County officials frustrated by management's inaction

Apex Glenwood purchased the community Feb. 12, 2018 for $8.5 million from Renaissance Glenwood LP and has had a contentious relationship with Henrico officials during much of the time since. The property was assessed at $6.98 million earlier this year.

County officials met with Apex representatives in May 2019 and again in November 2020, they told supervisors during a Sept. 14 work session, and both times were told that the company would provide a detailed renovation plan for the property. But they’ve still not received a plan.

Last year, when Henrico employees and volunteers went door to door in the community distributing COVID-19 care kits as part of a countywide effort, Apex representatives gathered all the kits before residents could receive them, Leabough said.

“I felt like they took something that belonged to us,” Leabough said. “[They had] the audacity to collect those care kits and not provide them to those residents.”

Some residents told county officials that they were fearful of complaining because they worried they’d be asked to leave. The resident whose bathroom leaked onto the stove was asked to vacate the property several months later, Leabough said.

At Tuesday’s board meeting, one resident told supervisors that she had collected a number of resident signatures on a petition asking that inspectors not conduct random inspections and instead give Apex more time to address problems. The community is short-staffed, she said, and the two maintenance workers are doing everything they can to address reported complaints. Some residents also were concerned about random visits into their apartments because of COVID, she said.

One of those maintenance workers also spoke, echoing her comments.

“I welcome the inspectors, but what I don’t welcome is the random inspectors,” he said.

Both people spoke before Revels clarified that random inspections would not occur without residents’ permission.

Varina District Supervisor Tyrone Nelson, perplexed that a resident apparently was asking the county not to intervene, didn’t mince words.

“My heart kind of hurts because these people that you’re almost defending . . . they’re not doing what they’re supposed to be doing,” Nelson told the resident.

To the maintenance worker, Nelson was even more direct.

“You are telling us to give this national slumlord more time and more chance for people to live in these subpar conditions. We would not even be talking about this if it was not for the hundreds and hundreds and hundreds [of violations].

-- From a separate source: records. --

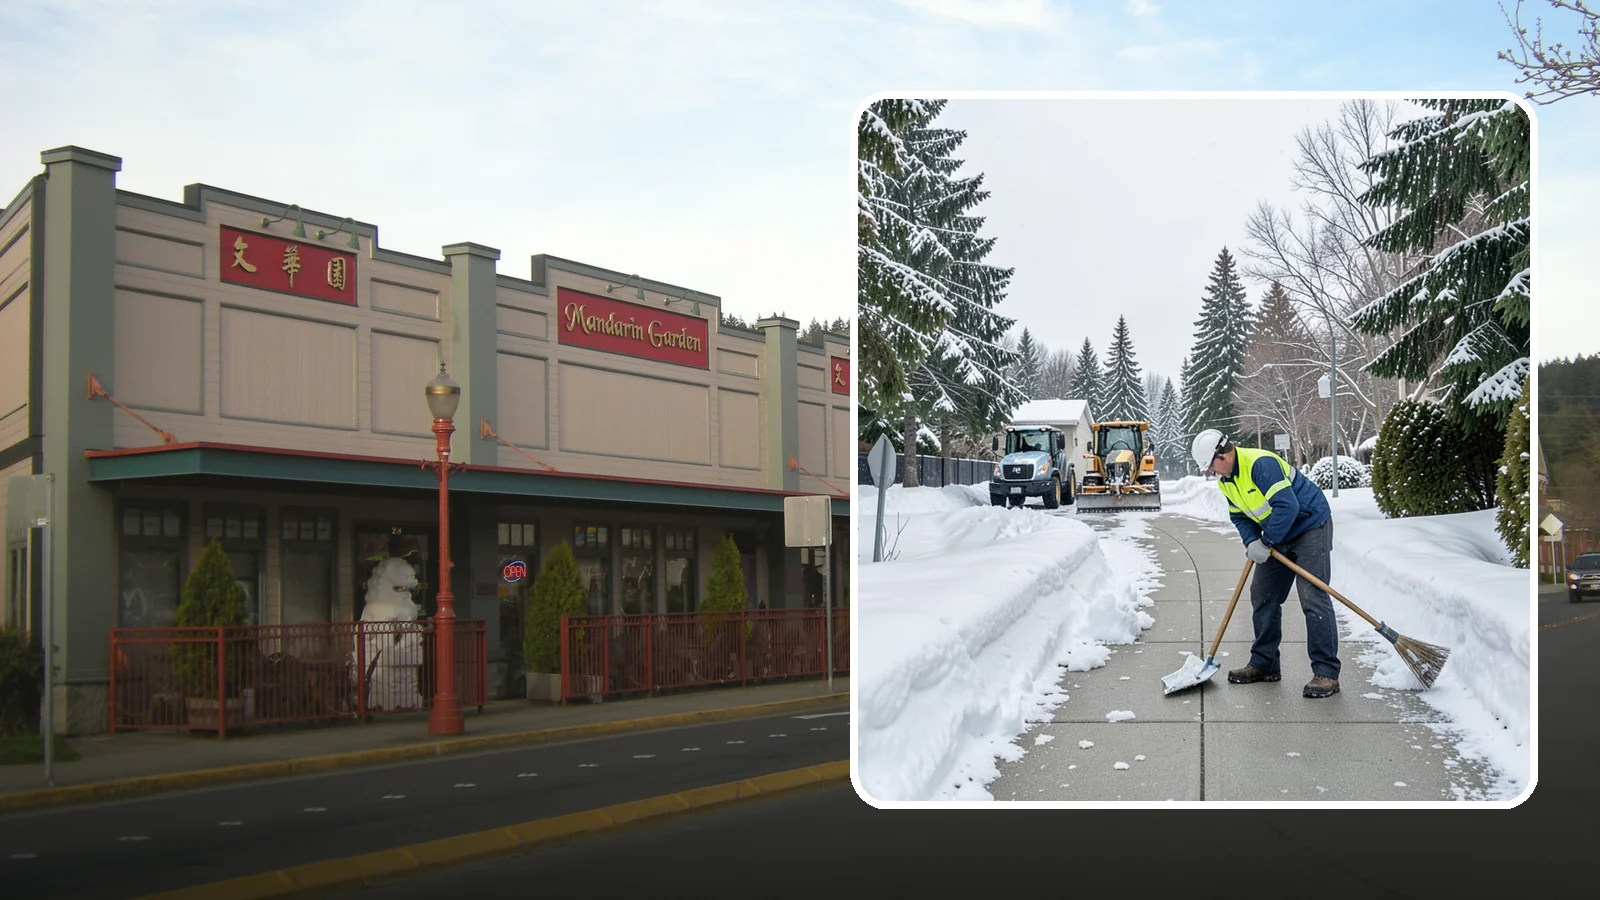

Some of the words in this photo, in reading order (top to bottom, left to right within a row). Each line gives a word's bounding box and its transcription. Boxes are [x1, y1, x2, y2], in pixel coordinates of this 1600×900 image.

[231, 236, 346, 291] 文華園
[564, 302, 644, 341] Mandarin
[648, 320, 702, 352] Garden
[503, 565, 527, 578] OPEN
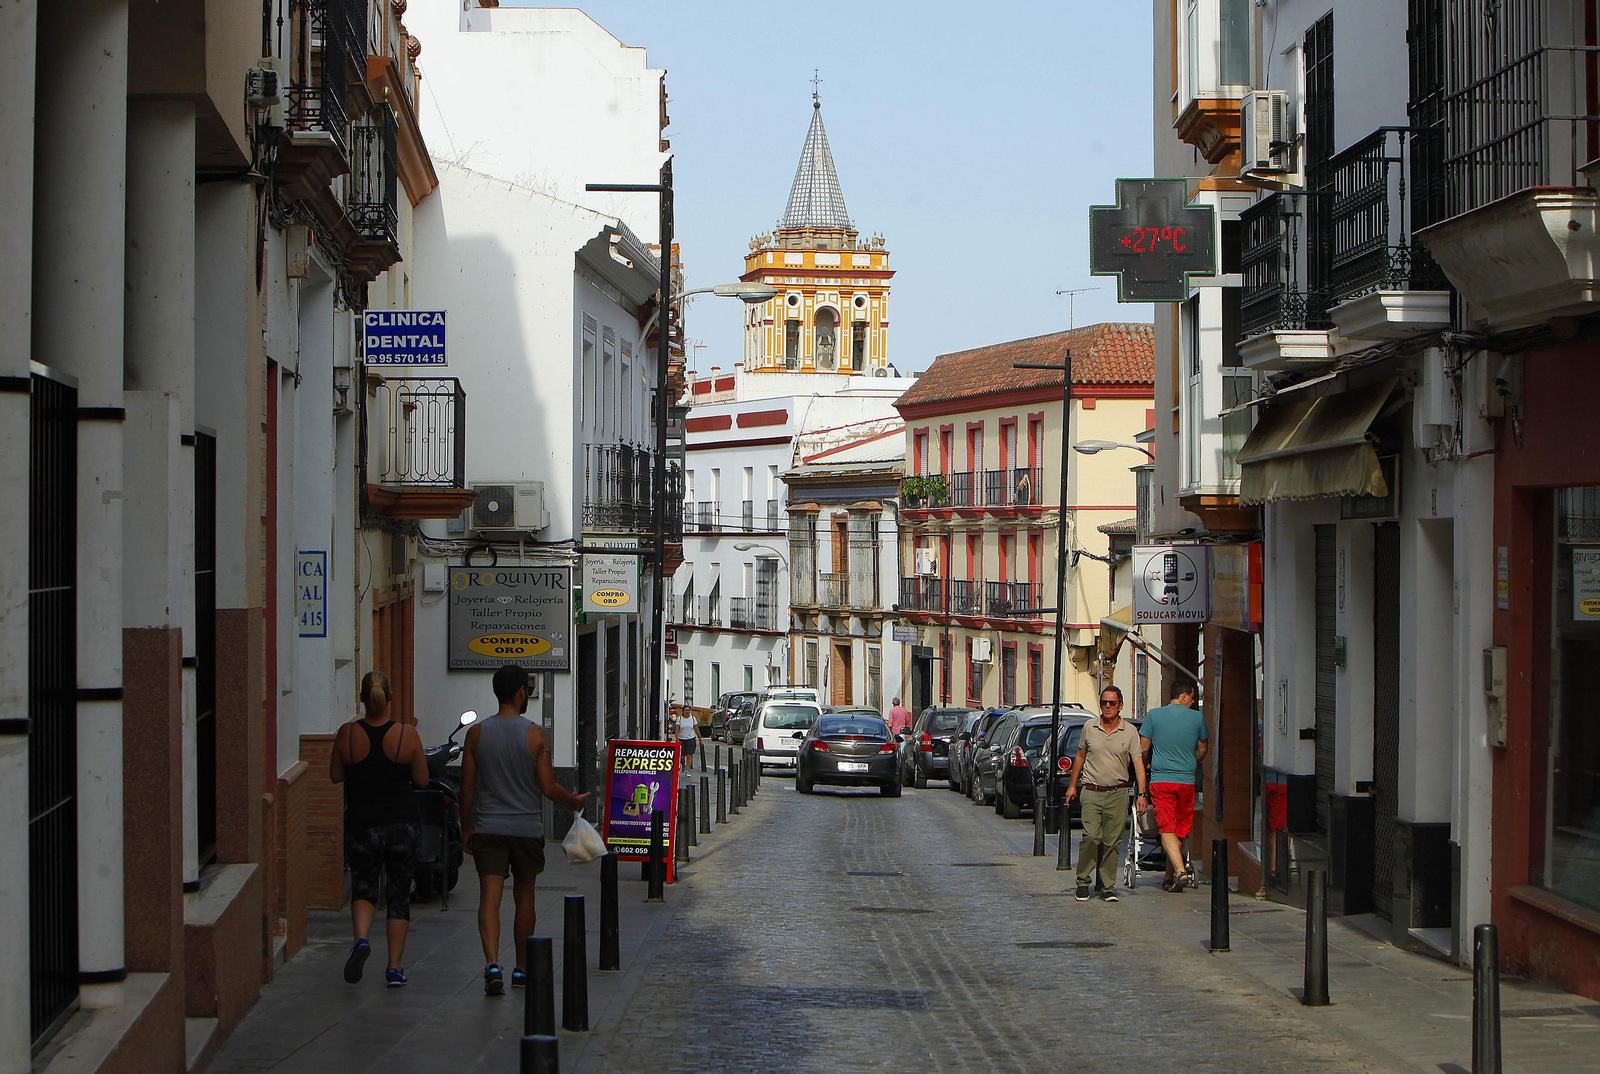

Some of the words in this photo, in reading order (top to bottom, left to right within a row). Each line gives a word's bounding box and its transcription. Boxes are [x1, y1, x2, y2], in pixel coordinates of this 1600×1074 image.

[365, 313, 445, 326] CLINICA
[367, 335, 443, 348] DENTAL
[379, 354, 392, 363] 95
[394, 354, 414, 363] 570
[416, 354, 429, 363] 14
[431, 354, 443, 363] 15
[608, 568, 626, 576] Propio
[452, 572, 566, 591] OROQUIVIR
[454, 595, 495, 606] Joyería
[514, 594, 564, 606] Relojería
[470, 608, 502, 618] Taller
[505, 609, 542, 619] Propio
[1136, 611, 1176, 619] SOLUCAR
[1178, 609, 1205, 619] MÓVIL
[470, 621, 546, 632] Reparaciones
[451, 659, 496, 667] GESTIONAMOS
[530, 659, 540, 667] DE
[540, 658, 567, 667] EMPEÑO
[615, 748, 675, 759] REPARACIÓN
[614, 758, 673, 771] EXPRESS

“I’m telling you – you work for a national slumlord, sir. You do. And they’re getting over on our communities.”

Glenwood Farms has an “F” rating from the Better Business Bureau for its failure to respond to five complaints against it, according to the BBB’s website.

Residents of the complex told the Citizen of numerous complaints involving the facility in August 2020, at which time Apex Glenwood was attempting to evict nearly two dozen of them. The company also was the defendant in at least three lawsuits at that time, including one from the City of Richmond.

Fairfield Supervisor Frank Thornton, whose district is home to Glenwood Farms, said that while he could appreciate the views of the resident who spoke at Tuesday’s meeting, he couldn’t endorse waiting any longer for the county to act.

“We’ve had problems with this subdivision for some time,” Thornton said. “I can respect a person having their views. But the locality has to have another view. The locality has to have the view of what’s best for most of the people who live there.

“I’m somewhat empathetic to those people who would come and tell us, ‘This is not the time to do it’. . . But to me, it is the right time. I don’t believe that any of our residents should suffer simply because we have a person who cares more about profit than he does about the residents who live in that particular property.”